80% of Apartment Renters Paid Rent in First Week of May
The National Multifamily Housing Council’s Rent Payment Tracker found that more people made a full or partial rent payment in the first six days…
The National Multifamily Housing Council’s Rent Payment Tracker found that more people made a full or partial rent payment in the first six days of May compared to the same period in April, despite the ongoing economic hardships related to coronavirus.
By May 6, 80.2% of apartment households had paid at least some rent, according to the NMHC’s survey of 11.4 million professionally managed apartment units across the United States.
That’s 1.5 percentage points lower than the share who paid rent in the first six days of May 2019, and just over two percentage points higher than the share who paid in the first six days of April 2020.
NMHC President Doug Bibby said he expects the payment rate to continue to rise during the rest of May as financial assistance reaches renters’ bank accounts.
NMHC is calling on Congress to provide $100 million in direct renter assistance in its next pandemic relief package, Bibby said, warning that the pandemic has strained many renters’ finances.

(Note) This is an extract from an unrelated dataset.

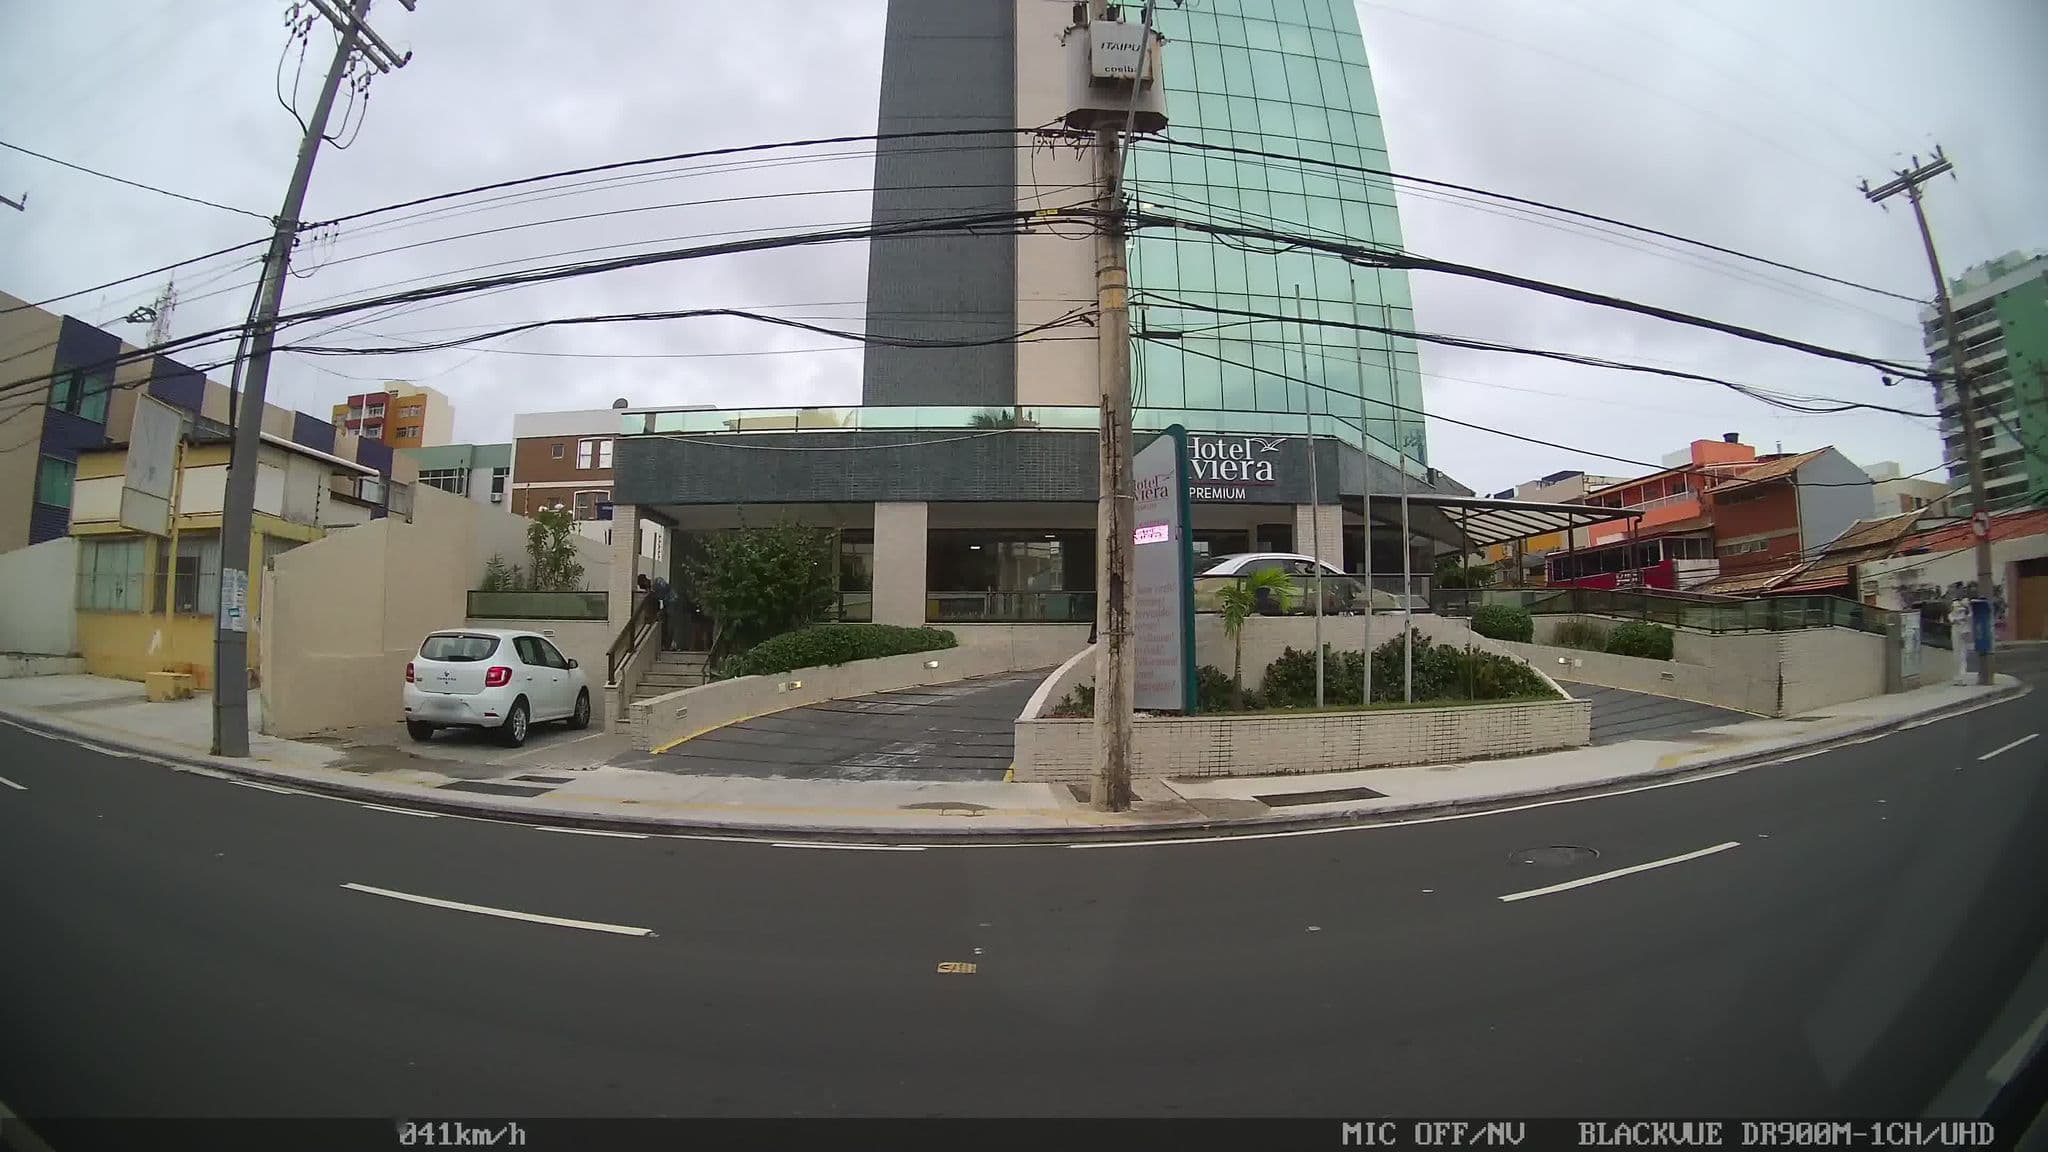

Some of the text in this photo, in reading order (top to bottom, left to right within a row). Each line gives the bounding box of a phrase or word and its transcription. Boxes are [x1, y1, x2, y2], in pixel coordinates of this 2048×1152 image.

“We are in uncharted waters and will be watching this closely over the course of the month as millions of households will not be able to access unemployment benefits, and those who have may find that they are not enough to cover rent plus all the other financial pressures caused by this crisis,” Bibby said. “Those benefits will also likely fall short in high-cost areas.”
While many building owners have suspended evictions, waived late fees and otherwise moved to help renters stay in their apartments, government assistance is needed, said David Schwartz, chairman of NMHC and chairman and CEO of the Chicago-based real estate investment and property management company Waterton.
Bibby said apartment owners have $1.6 trillion in outstanding mortgage debt, and a rent gap could lead to a “cascading effect.”
“If they can’t cover their debt, we might see a wave of multifamily foreclosures that could rival the single-family foreclosures that occurred during the Great Recession,” he said.
The NMHC survey includes a variety of market-rate properties around the country. The pandemic may have caused some technical issues with historical comparisons in places where shelter-in-place orders closed offices or otherwise delayed payment processing.
The tracker is powered by Entrata, MRI Software, RealPage, ResMan and Yardi.